Set down every entry exactly as given. Pictures are to be left out.

BEGIN SOURCE DATA

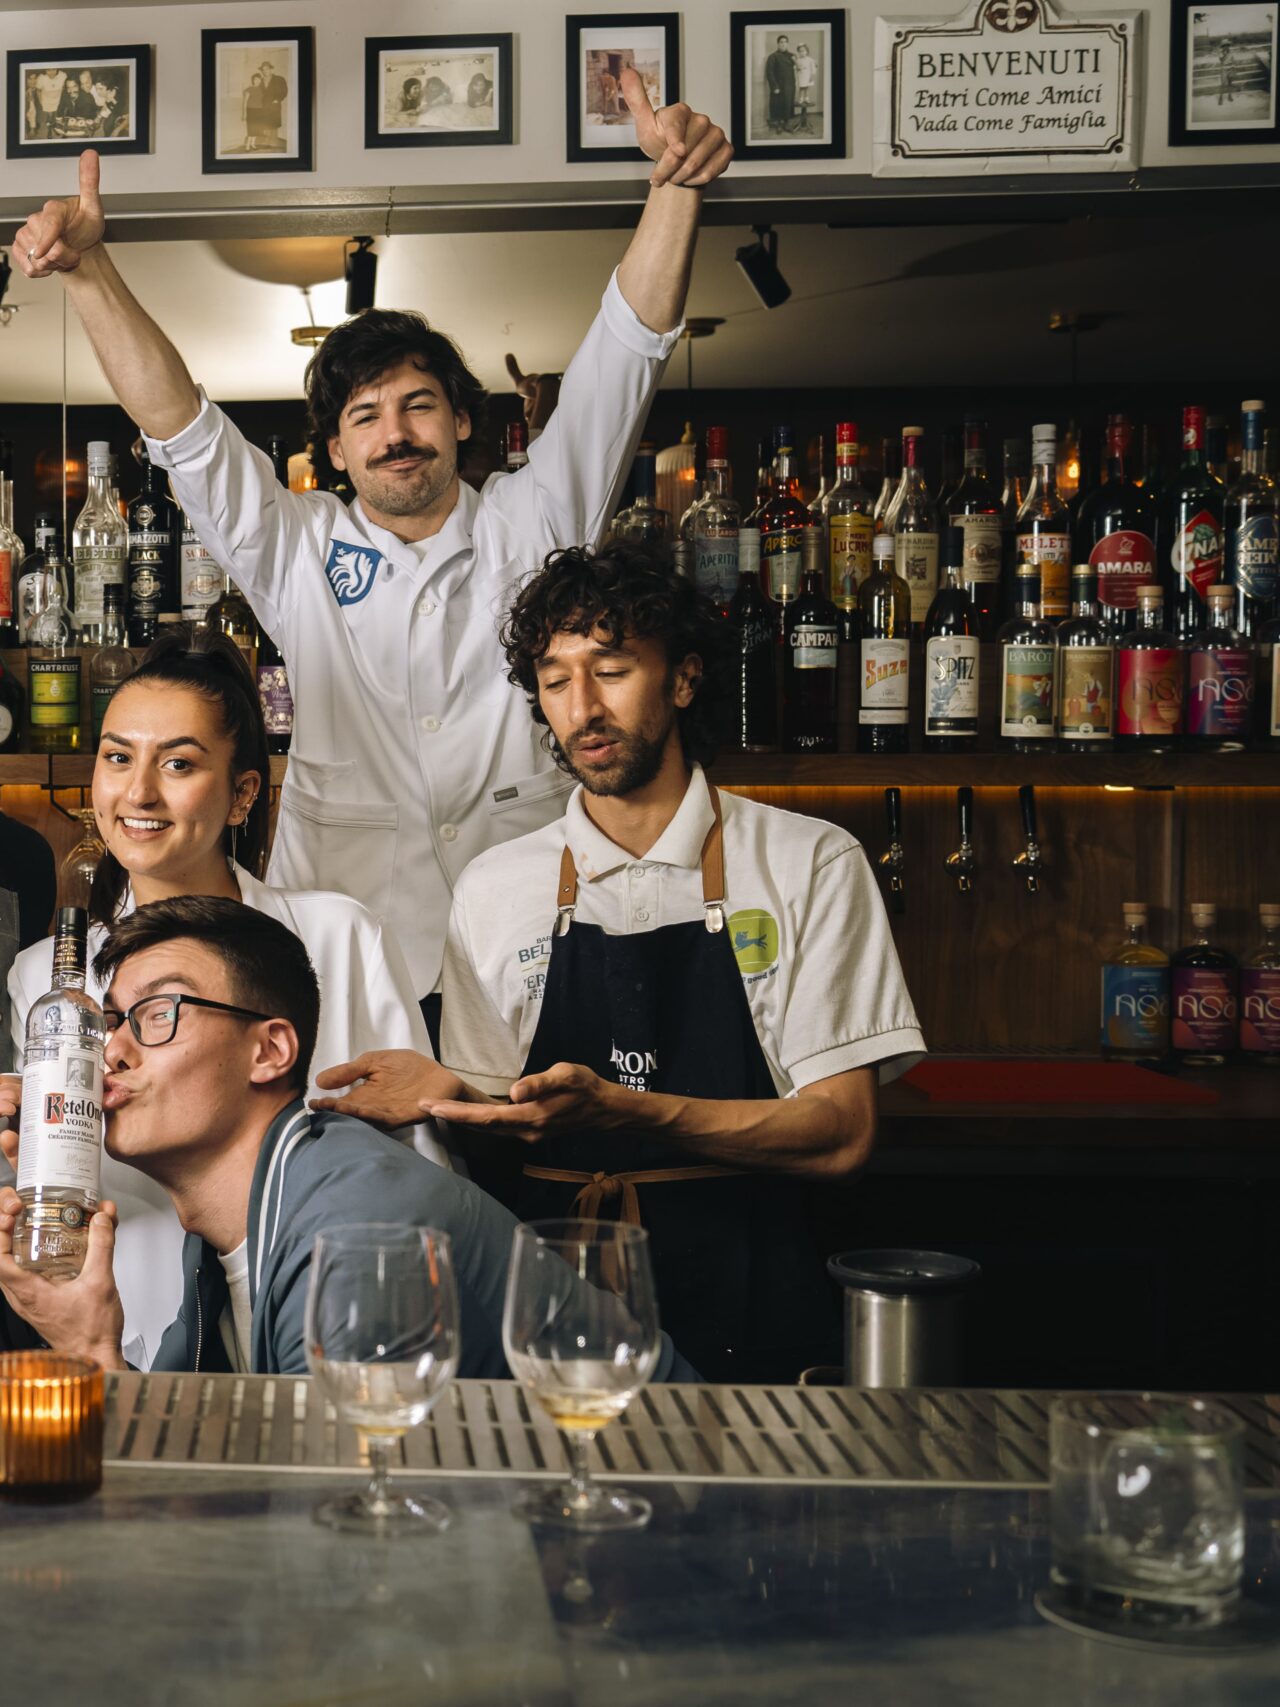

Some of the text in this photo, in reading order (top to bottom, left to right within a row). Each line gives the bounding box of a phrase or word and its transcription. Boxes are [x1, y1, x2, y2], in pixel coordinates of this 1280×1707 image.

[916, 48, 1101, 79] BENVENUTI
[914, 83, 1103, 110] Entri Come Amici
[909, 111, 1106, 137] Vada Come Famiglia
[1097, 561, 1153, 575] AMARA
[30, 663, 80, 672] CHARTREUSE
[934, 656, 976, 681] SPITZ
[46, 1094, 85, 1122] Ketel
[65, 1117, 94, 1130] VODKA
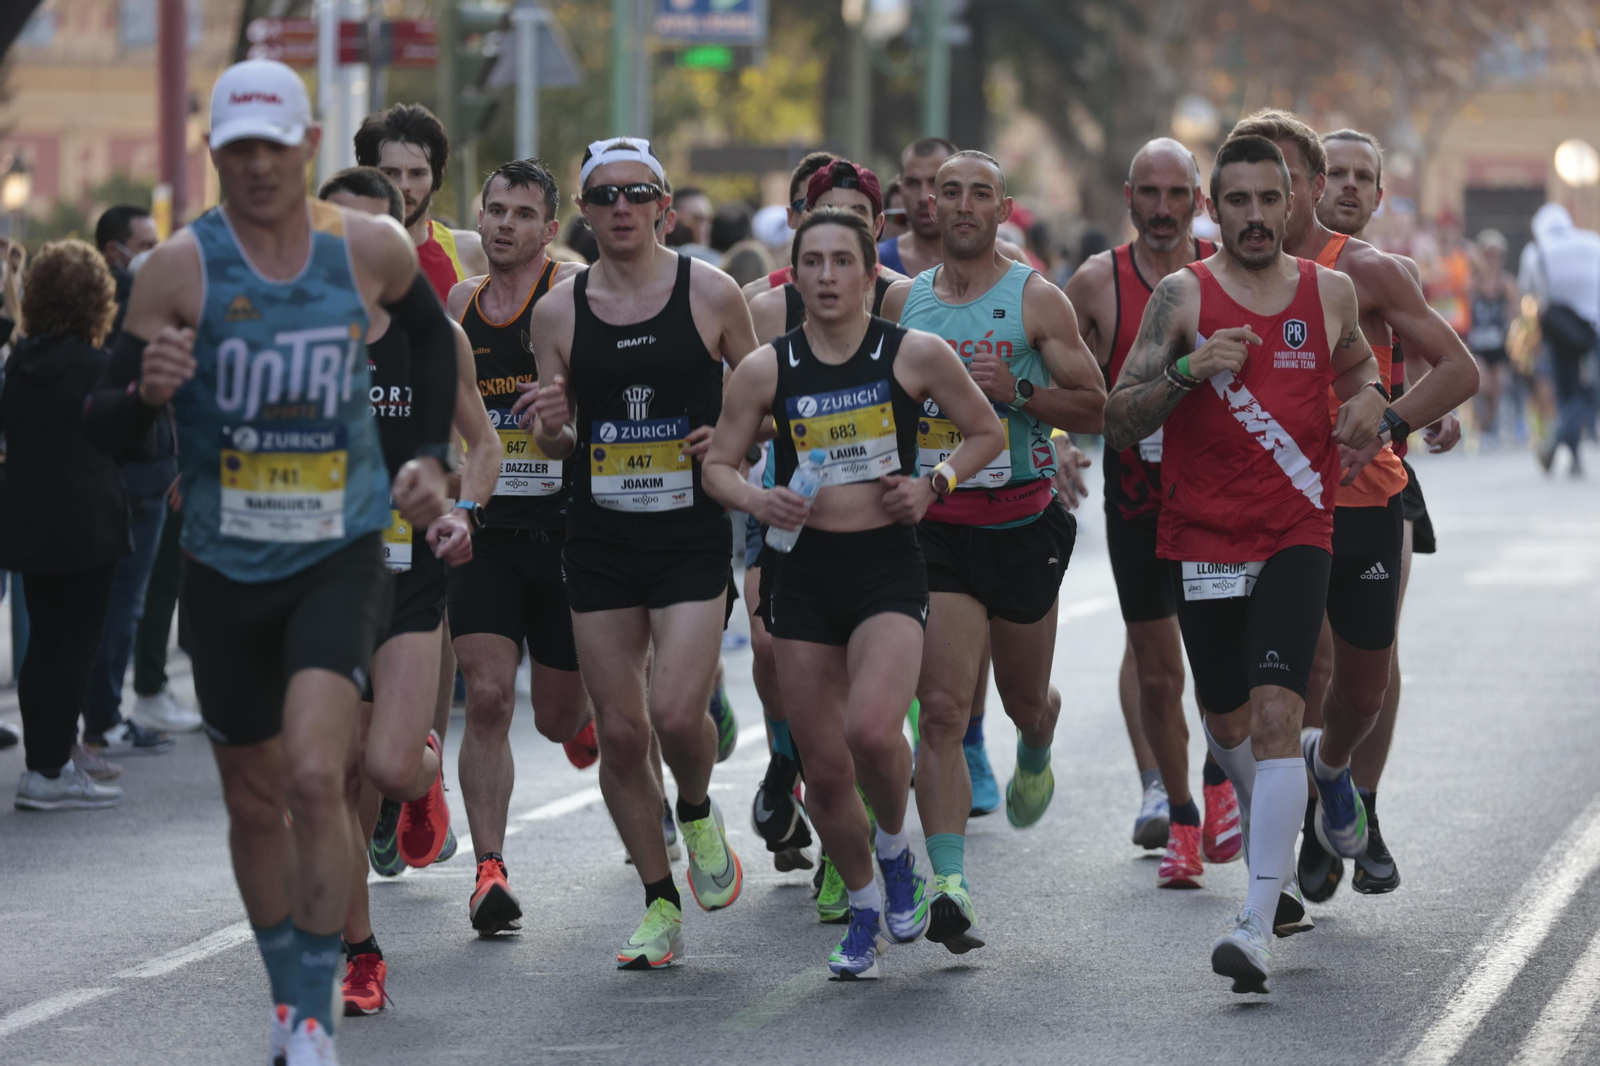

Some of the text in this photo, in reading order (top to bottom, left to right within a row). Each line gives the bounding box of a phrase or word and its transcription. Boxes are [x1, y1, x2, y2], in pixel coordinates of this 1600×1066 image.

END SOURCE DATA

**EXERCISE ANSWER:**
Some of the text in this photo, in reading order (top to bottom, left to right within a row). Each line gives the bounding box of a phrase or word and its transcription. Boxes are [x1, y1, x2, y2], in pixel coordinates of this 1280×1707 image.

[916, 48, 1101, 79] BENVENUTI
[914, 83, 1103, 110] Entri Come Amici
[909, 111, 1106, 137] Vada Come Famiglia
[1097, 561, 1153, 575] AMARA
[30, 663, 80, 672] CHARTREUSE
[934, 656, 976, 681] SPITZ
[46, 1094, 85, 1122] Ketel
[65, 1117, 94, 1130] VODKA

Some of the text in this photo, in reading order (top to bottom, left to right within a row). Each line gives the bounding box of a phrase or word and its transcription. Boxes are [x1, y1, x2, y2], in pixel coordinates of this 1600×1066 image.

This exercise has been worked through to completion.